MATERIAL FOR THE TASK:
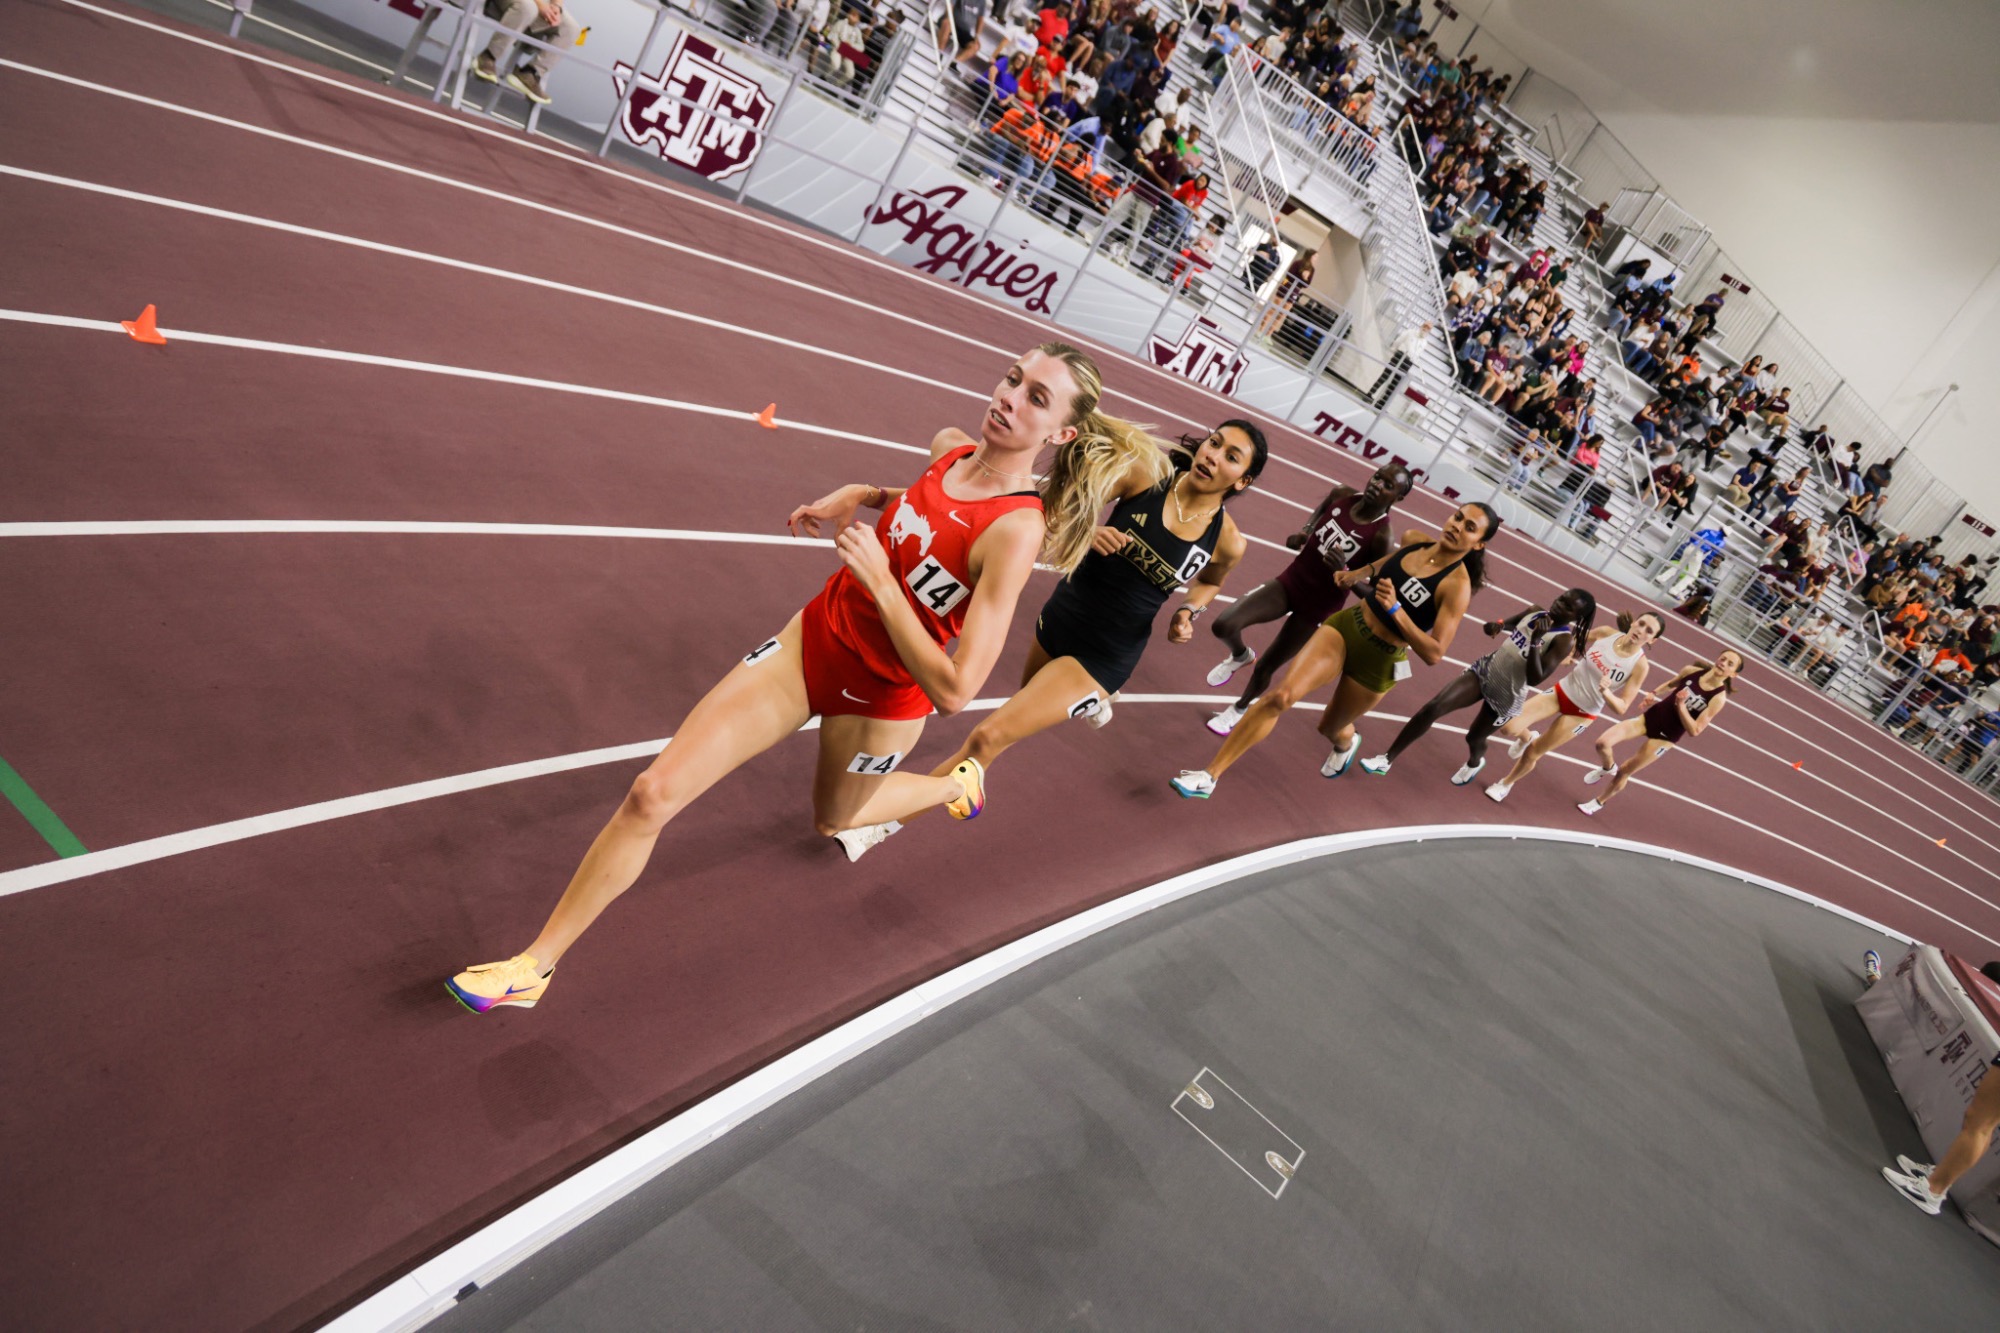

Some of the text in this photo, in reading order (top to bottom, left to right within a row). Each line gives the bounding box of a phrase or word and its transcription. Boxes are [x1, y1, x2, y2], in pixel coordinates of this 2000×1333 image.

[864, 185, 1058, 314] Aggies
[1181, 551, 1206, 581] 6
[912, 563, 961, 610] 14
[1403, 580, 1427, 603] 15
[1352, 606, 1397, 655] NIKE PRO
[1609, 668, 1625, 682] 10
[857, 754, 895, 774] 14

TASK DETAILS: Reproduce the data above word for word and omit the images.

OUTPUT OF THE EXERCISE:
Some of the text in this photo, in reading order (top to bottom, left to right within a row). Each line gives the bounding box of a phrase or word and its transcription. Boxes are [x1, y1, x2, y2], in pixel coordinates of this 2000×1333 image.

[864, 185, 1058, 314] Aggies
[1181, 551, 1206, 581] 6
[912, 563, 961, 610] 14
[1403, 580, 1427, 603] 15
[1352, 606, 1397, 655] NIKE PRO
[1609, 668, 1625, 682] 10
[857, 754, 895, 774] 14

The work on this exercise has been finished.